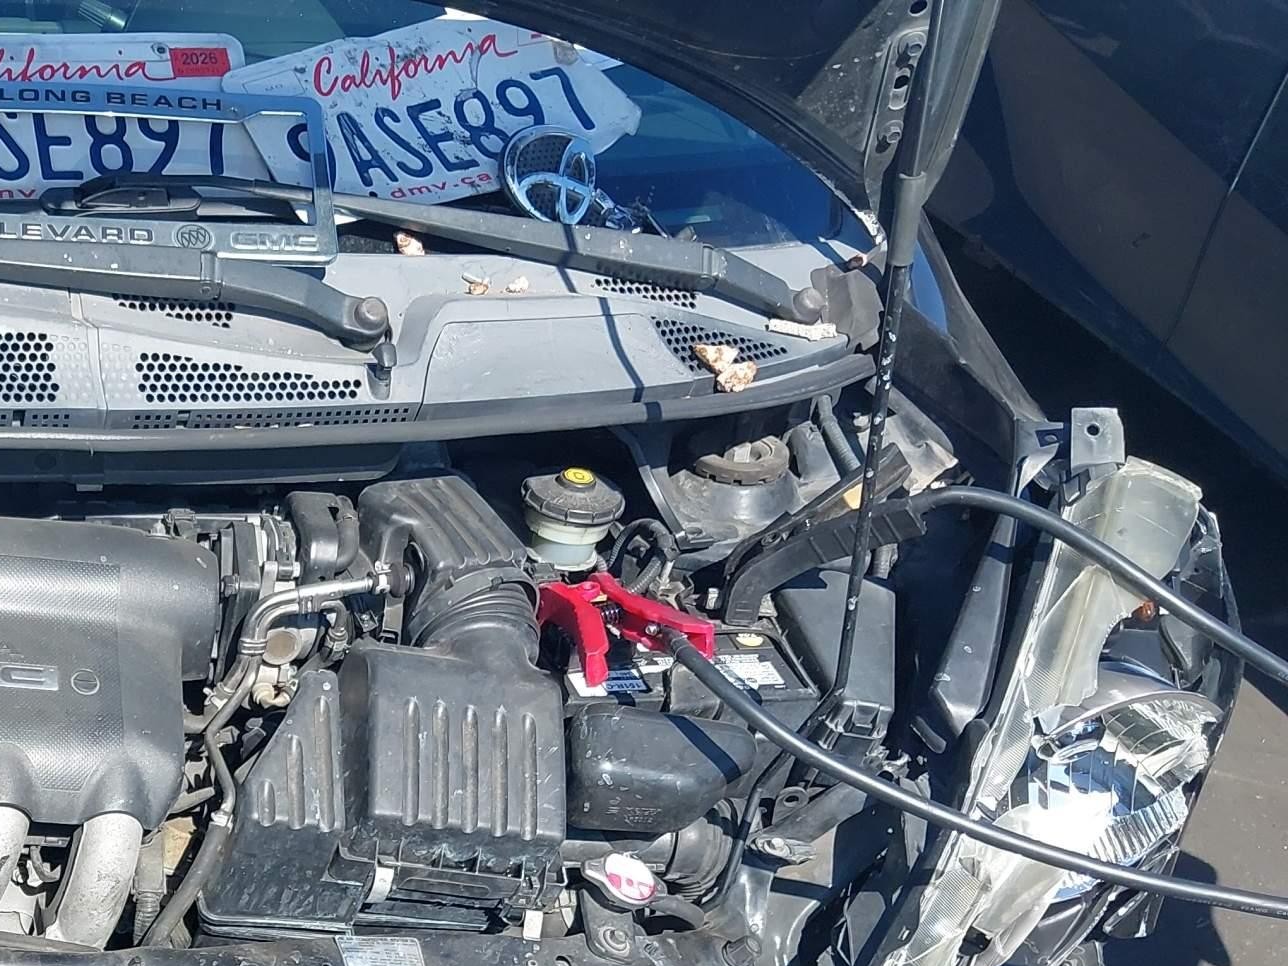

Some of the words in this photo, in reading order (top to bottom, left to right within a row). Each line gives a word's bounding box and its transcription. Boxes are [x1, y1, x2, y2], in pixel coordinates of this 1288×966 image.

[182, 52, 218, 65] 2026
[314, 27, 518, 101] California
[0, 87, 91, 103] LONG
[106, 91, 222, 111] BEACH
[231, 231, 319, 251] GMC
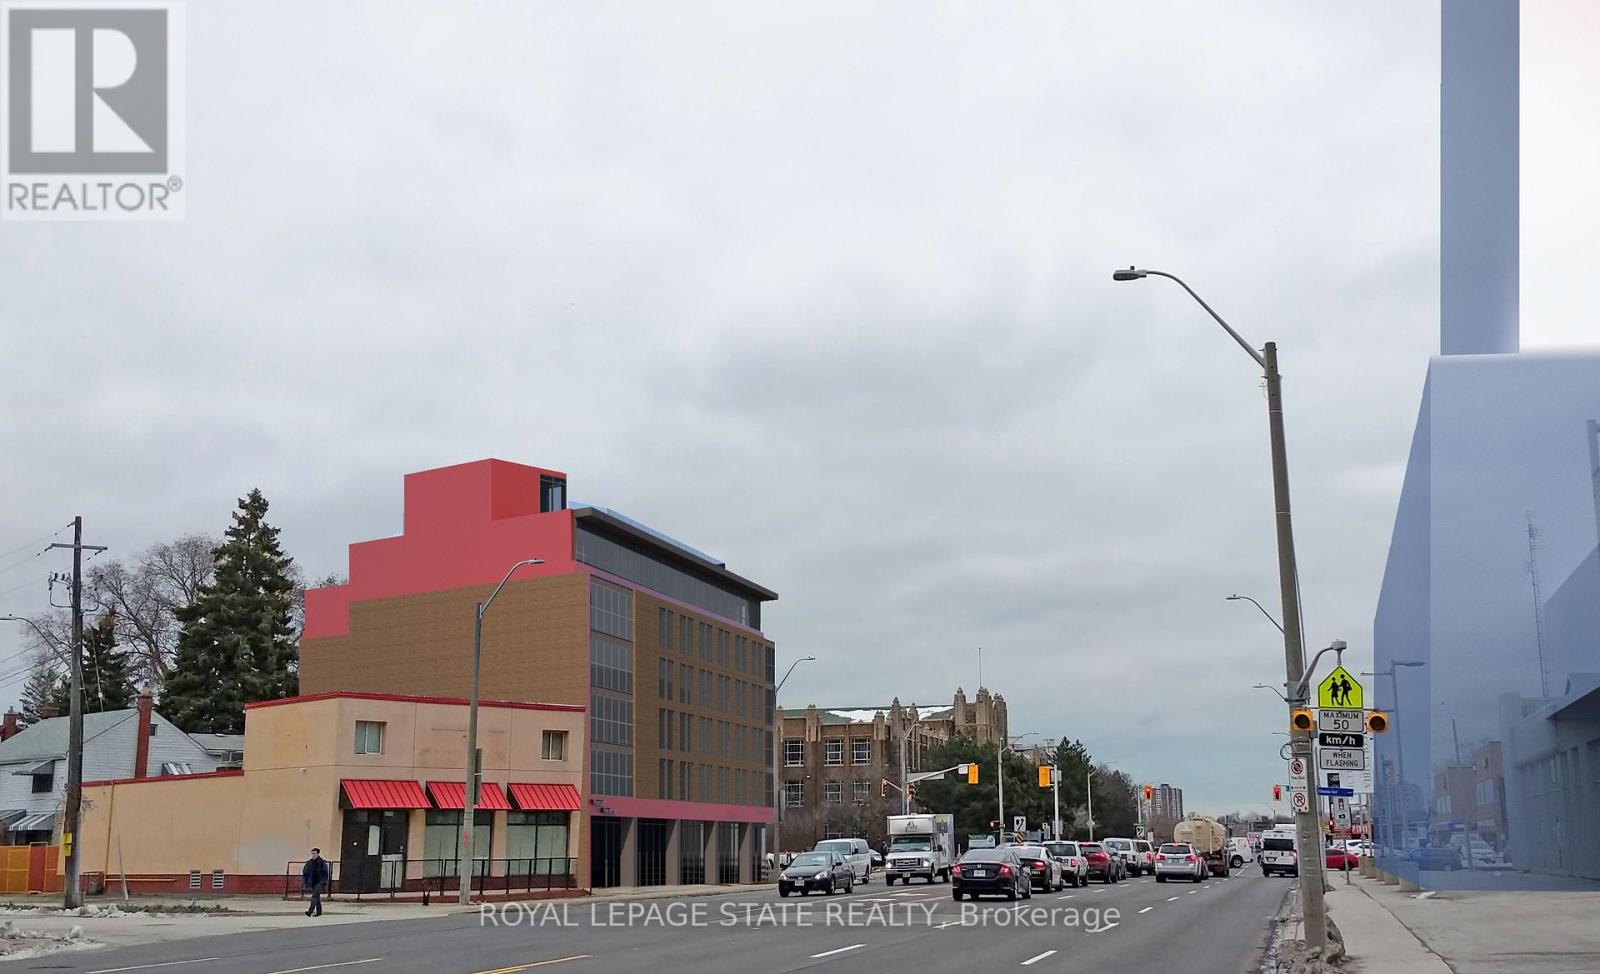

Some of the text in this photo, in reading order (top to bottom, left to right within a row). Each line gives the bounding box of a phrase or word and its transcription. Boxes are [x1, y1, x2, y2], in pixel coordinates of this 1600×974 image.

...

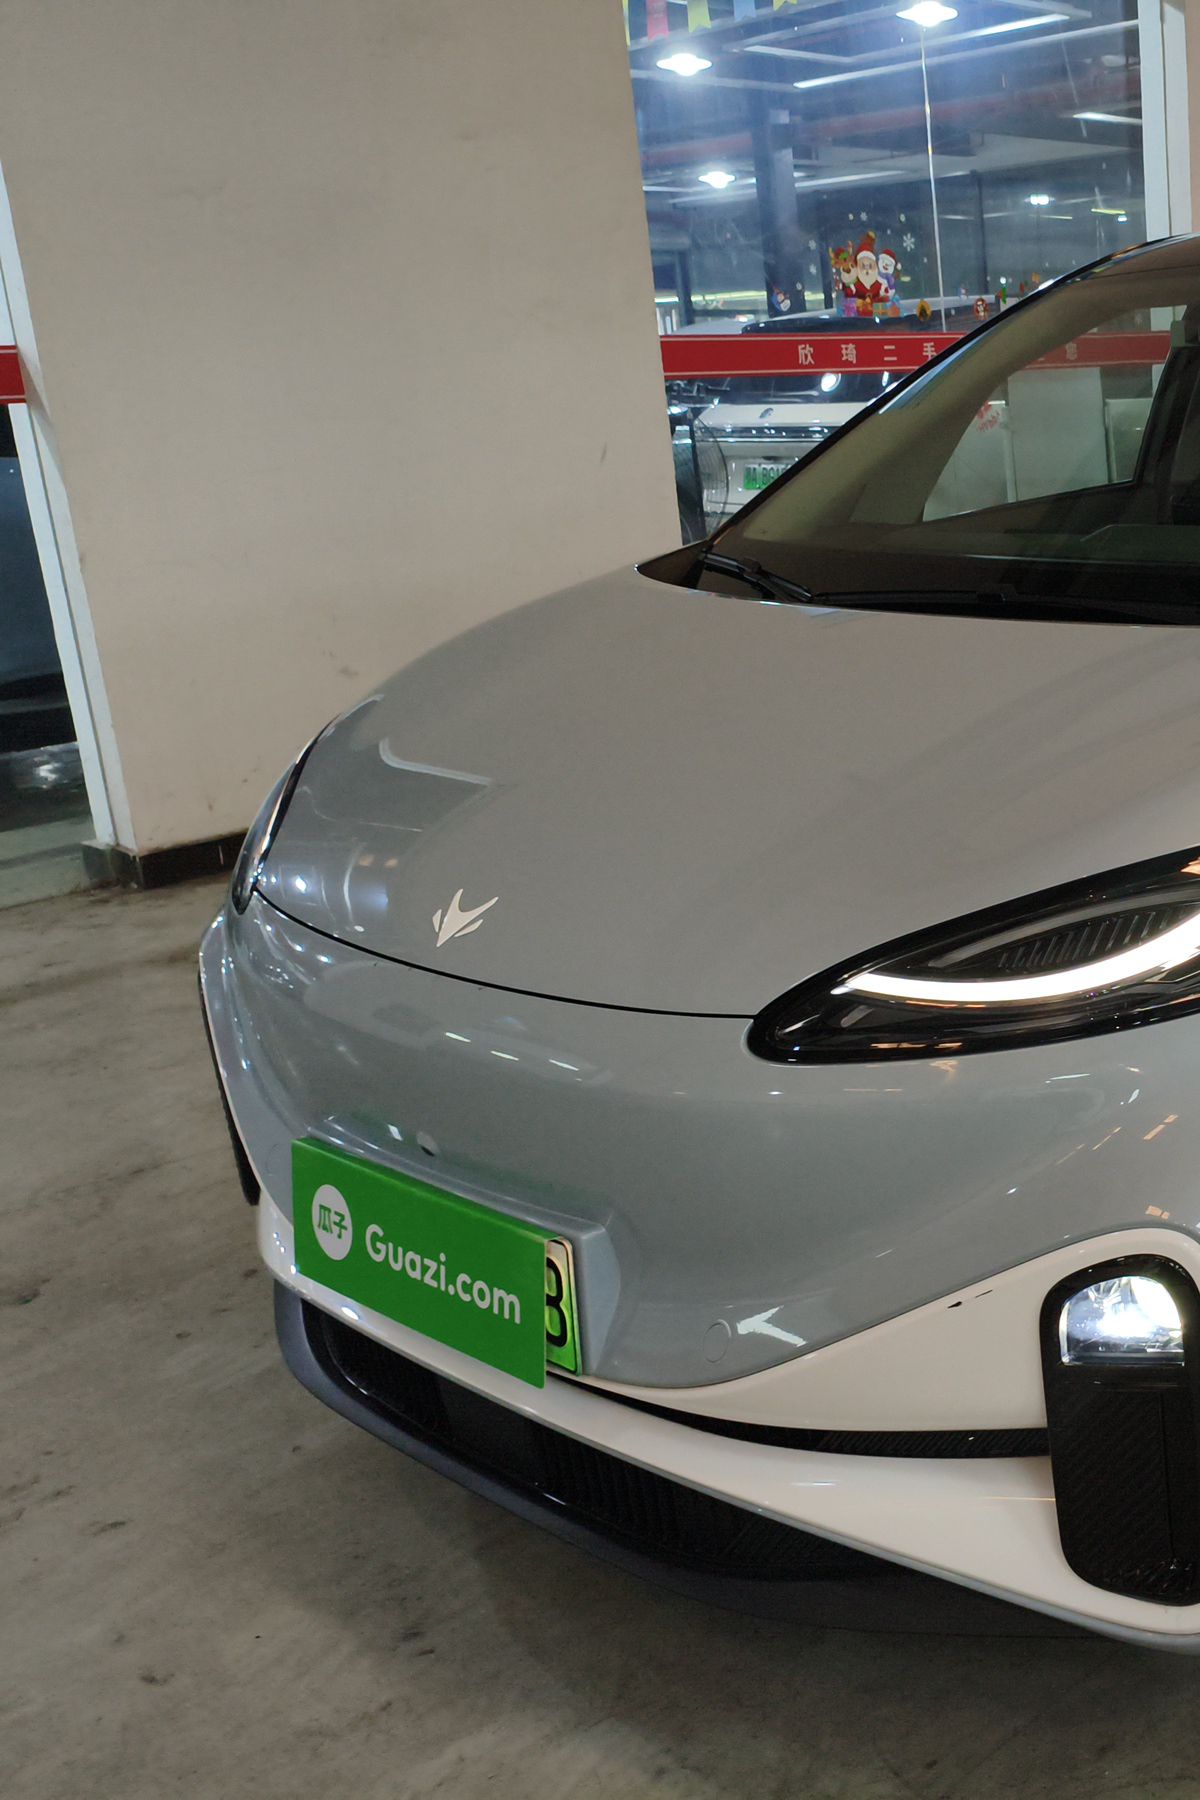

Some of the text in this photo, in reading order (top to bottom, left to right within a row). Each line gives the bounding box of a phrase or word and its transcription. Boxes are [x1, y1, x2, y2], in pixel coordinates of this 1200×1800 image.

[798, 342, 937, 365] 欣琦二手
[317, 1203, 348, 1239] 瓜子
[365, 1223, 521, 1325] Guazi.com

To do
Beginning with the line above that contains "Some of the words" and ending with the line that contains "this 1600×974 image.", quote each line exactly, keeping out the pictures.

Written answer
Some of the words in this photo, in reading order (top to bottom, left to right within a row). Each line gives a word's bounding box and its transcription. Boxes are [x1, y1, x2, y2], in pixel coordinates of this 1288×966 image.

[182, 52, 218, 65] 2026
[314, 27, 518, 101] California
[0, 87, 91, 103] LONG
[106, 91, 222, 111] BEACH
[231, 231, 319, 251] GMC

Some of the text in this photo, in reading order (top to bottom, left to right within a row). Each line gives the bounding box of a phrase or word and its transcription. Boxes are [x1, y1, x2, y2], in pixel coordinates of this 1600×974 image.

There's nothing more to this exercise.